Не затуманившееся ли ветровое стекло снова вернуло его мысли к той поездке в «Харборплейс»? Так или иначе, а по какой-то причине он вдруг вспомнил, что именно вызвало в тот день слезы Дорри.

Стоя у кромки воды, окутанная туманом Дорри надумала открыть свой «чемодан» и показать его содержимое Айре. Ничего так уж сильно отличавшего эту поклажу от других подобных она в тот раз с собой не взяла. Обычные два или три сборника комиксов, вспомнил он, что-то из ее любимого сладкого – возможно, помятый кексик с размазанной по целлофану глазурью – и, конечно, принадлежавшая когда-то их матери шляпная лента со стразами. И наконец, главное ее сокровище: музыкальный журнальчик с Элвисом Пресли на обложке. Под фотографией шла надпись: «Король рока». Дорри обожала Элвиса Пресли. Обычно Айра ей потакал и даже покупал плакаты с Элвисом, когда те ему попадались, однако на сей раз был до того угнетен, что просто не мог не выйти из себя. «Элвис», – сказала счастливая Дорри, и Айра ответил: «Ради бога, Дорри, разве ты не знаешь, что он умер?»
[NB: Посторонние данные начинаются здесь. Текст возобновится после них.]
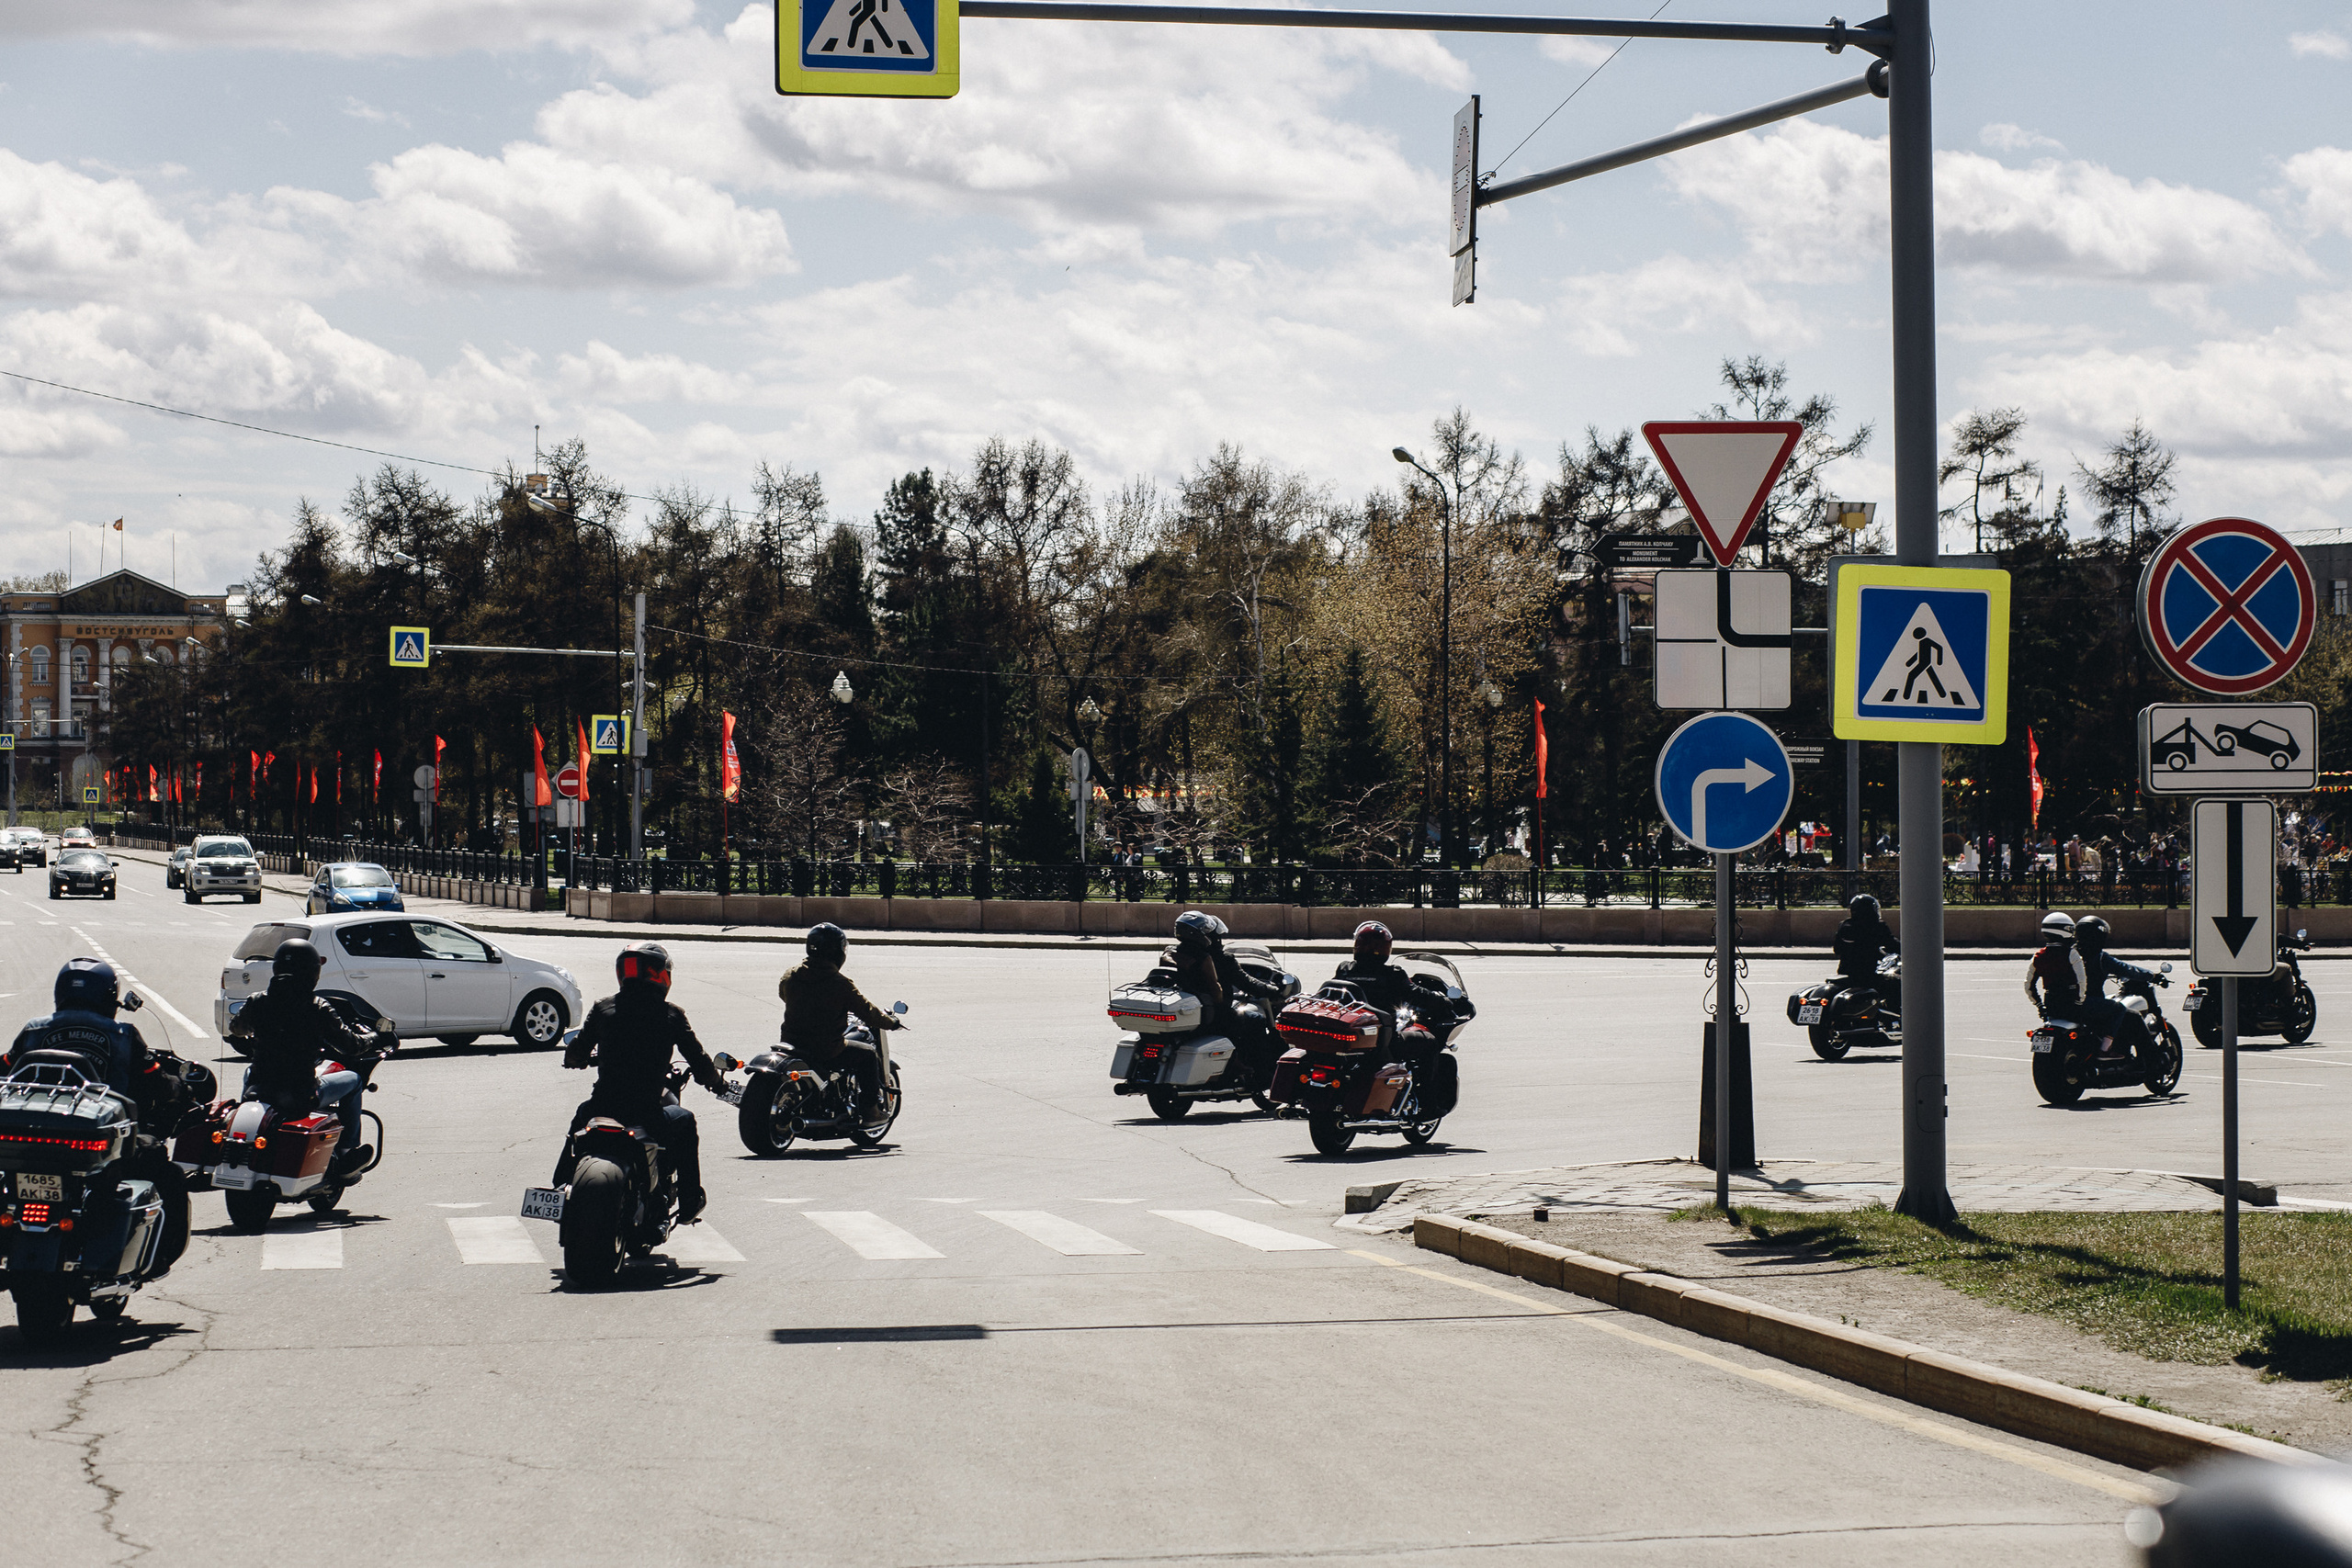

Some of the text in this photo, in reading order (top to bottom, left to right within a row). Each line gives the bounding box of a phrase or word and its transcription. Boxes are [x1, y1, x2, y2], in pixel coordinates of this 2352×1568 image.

[76, 626, 175, 636] ВОСТСИБУГОЛЬ
[46, 1031, 106, 1045] LIFE MEMBER
[23, 1174, 56, 1186] 1685
[43, 1190, 61, 1201] 38
[531, 1191, 560, 1204] 1108
[544, 1207, 560, 1218] 38
Улыбка сошла с ее лица, глаза наполнились слезами, и Айру пронзили угрызения совести. Все в Дорри мгновенно опечалило его: короткая стрижка, потрескавшиеся губы, тонкое лицо, такое невзрачное и милое, хоть этого никто не замечал. Он обнял сестру за плечи, прижал к себе ее костлявое тельце и взглянул поверх головы Дорри на плававший в тумане «Констеллэйшн». Верхушки его мачт истончились, канаты и цепи растаяли в дымке, и старый корабль, окутанный клубами тумана, которые можно было по ошибке принять за пелену времени, в кои-то веки выглядел на свои настоящие года. Джуни потеснее прижалась к Айре с другого боку, Мэгги и Сэм не сводили с него глаз, ожидая, когда он скажет им, что делать дальше. В те мгновения он понял, в чем состоит настоящая расточительность. Господи, да. Не в том, что ему приходится содержать этих людей, а в его неспособности уяснить, как сильно он их любит. Он любил даже своего обшарпанного неудачника-отца, даже память о своей бедной матери, такой хорошенькой, но никогда об этом не узнавшей, потому что всякий раз, как она подходила к зеркалу, у нее от застенчивости перекашивался рот.

Затем это чувство растаяло (наверное, в следующий миг, когда Джуни заканючила, что пора возвращаться), и Айра забыл то, что узнал о себе. И несомненно забудет снова, так же как Дорри забыла ко времени приезда домой, что Элвис Пресли больше не «Король рока».